Interpolation method:

  • Fill null value takes the previous value
  • bfill null value takes the following value
  • interpolate linear value
day3Ts.resample('D').ffill(1)

2011-01-01 0.247661
2011-01-02 0.247661
2011-01-03 NaN
2011-01-04 0.389430
2011-01-05 0.389430
...
2011-03-25 NaN
2011-03-26 -0.270796
2011-03-27 -0.270796
2011-03-28 NaN
2011-03-29 0.012783
Freq: D, Length: 88, dtype: float64

day3Ts.resample('D').bfill(1)

2011-01-01 0.247661
2011-01-02 NaN
2011-01-03 0.389430
2011-01-04 0.389430
2011-01-05 NaN
...
2011-03-25 -0.270796
2011-03-26 -0.270796
2011-03-27 NaN
2011-03-28 0.012783
2011-03-29 0.012783
Freq: D, Length: 88, dtype: float64

day3Ts.resample('D').interpolate('linear')

2011-01-01 0.247661
2011-01-02 0.294917
2011-01-03 0.342174
2011-01-04 0.389430
2011-01-05 -0.024619
...
2011-03-25 -0.128836
2011-03-26 -0.270796
2011-03-27 -0.176269
2011-03-28 -0.081743
2011-03-29 0.012783
Freq: D, Length: 88, dtype: float64

Pandas sliding window

%matplotlib inline 
import matplotlib.pylab
import numpy as np
import pandas as pd
df = pd.Series(np.random.randn(600), index = pd.date_range('7/1/2016', freq = 'D', periods = 600))
df.head()

2016-07-01 1.427084
2016-07-02 0.074392
2016-07-03 -0.806538
2016-07-04 0.973909
2016-07-05 -0.196484
Freq: D, dtype: float64

r = df.rolling(window = 10)
r

Rolling [window=10,center=False,axis=0,method=single]

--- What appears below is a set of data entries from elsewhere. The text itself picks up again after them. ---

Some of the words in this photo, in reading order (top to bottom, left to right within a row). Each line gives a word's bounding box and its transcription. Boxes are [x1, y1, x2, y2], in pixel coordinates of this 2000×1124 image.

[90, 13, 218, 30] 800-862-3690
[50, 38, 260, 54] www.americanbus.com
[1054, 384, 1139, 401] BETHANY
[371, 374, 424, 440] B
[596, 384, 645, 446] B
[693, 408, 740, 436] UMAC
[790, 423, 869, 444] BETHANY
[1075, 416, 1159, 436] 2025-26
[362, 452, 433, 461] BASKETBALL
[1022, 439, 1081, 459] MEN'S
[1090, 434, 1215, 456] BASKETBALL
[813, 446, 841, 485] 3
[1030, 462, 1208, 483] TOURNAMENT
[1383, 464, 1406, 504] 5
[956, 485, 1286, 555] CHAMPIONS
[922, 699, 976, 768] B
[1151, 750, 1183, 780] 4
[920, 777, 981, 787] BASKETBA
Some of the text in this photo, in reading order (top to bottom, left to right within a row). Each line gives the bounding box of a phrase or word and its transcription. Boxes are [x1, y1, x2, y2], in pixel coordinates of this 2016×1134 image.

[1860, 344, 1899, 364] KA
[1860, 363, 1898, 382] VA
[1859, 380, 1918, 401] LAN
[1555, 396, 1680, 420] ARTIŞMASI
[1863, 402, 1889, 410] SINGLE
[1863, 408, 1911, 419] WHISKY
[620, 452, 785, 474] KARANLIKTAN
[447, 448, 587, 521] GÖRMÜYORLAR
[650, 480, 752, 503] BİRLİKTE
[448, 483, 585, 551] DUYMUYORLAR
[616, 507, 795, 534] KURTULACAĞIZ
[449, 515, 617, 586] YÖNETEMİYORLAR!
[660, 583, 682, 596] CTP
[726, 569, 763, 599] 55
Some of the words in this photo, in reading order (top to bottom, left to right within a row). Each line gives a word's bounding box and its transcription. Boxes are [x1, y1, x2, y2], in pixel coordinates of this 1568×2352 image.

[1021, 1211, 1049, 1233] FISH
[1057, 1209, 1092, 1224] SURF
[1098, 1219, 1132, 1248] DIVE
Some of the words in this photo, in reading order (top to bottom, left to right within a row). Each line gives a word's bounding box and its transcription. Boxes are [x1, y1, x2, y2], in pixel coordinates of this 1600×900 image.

#r.max, r.median, r.std, r.skew, r.sum, r.var
print(r.mean())

2016-07-01 NaN
2016-07-02 NaN
2016-07-03 NaN
2016-07-04 NaN
2016-07-05 NaN
...
2018-02-16 -0.044556
2018-02-17 -0.172443
2018-02-18 -0.247636
2018-02-19 -0.109076
2018-02-20 -0.159144
Freq: D, Length: 600, dtype: float64

import matplotlib.pyplot as plt
%matplotlib inline

plt.figure(figsize=(15, 5))

df.plot(style='r--')
df.rolling(window=10).mean().plot(style='b')

ARIMA model example

Download statsmodels Library

If you directly pip, it will be very slow and the network is easy to break, which is very annoying. It is suggested to go to this website: https://www.lfd.uci.edu/ ~Gohlke / Python LIBS /, Search Stats models, download the corresponding version, and then download the library from the local pip, but it's still a little slow.

Establish ARIMA model

# http://www.lfd.uci.edu/~gohlke/pythonlibs / Library Download Website
from __future__ import absolute_import, division, print_function
%load_ext autoreload
%autoreload 2
%matplotlib inline
%config InlineBackend.figure_format='retina'



import sys
import os

import pandas as pd
import numpy as np

# # Remote Data Access
# import pandas_datareader.data as web
# import datetime
# # reference: https://pandas-datareader.readthedocs.io/en/latest/remote_data.html

# TSA from Statsmodels
import statsmodels.api as sm
import statsmodels.formula.api as smf
import statsmodels.tsa.api as smt

# Display and Plotting
import matplotlib.pylab as plt
import seaborn as sns

pd.set_option('display.float_format', lambda x: '%.5f' % x) # pandas
np.set_printoptions(precision=5, suppress=True) # numpy

pd.set_option('display.max_columns', 100)
pd.set_option('display.max_rows', 100)

# seaborn plotting style
sns.set(style='ticks', context='poster')
#Read the data
#US consumer confidence index
Sentiment = 'data/sentiment.csv'
Sentiment = pd.read_csv(Sentiment, index_col=0, parse_dates=[0])
Sentiment.head()

# Select the series from 2005 - 2016
sentiment_short = Sentiment.loc['2005':'2016']
sentiment_short.plot(figsize=(12,8))
plt.legend(bbox_to_anchor=(1.25, 0.5))
plt.title("Consumer Sentiment")
sns.despine()

sentiment_short['diff_1'] = sentiment_short['UMCSENT'].diff(1)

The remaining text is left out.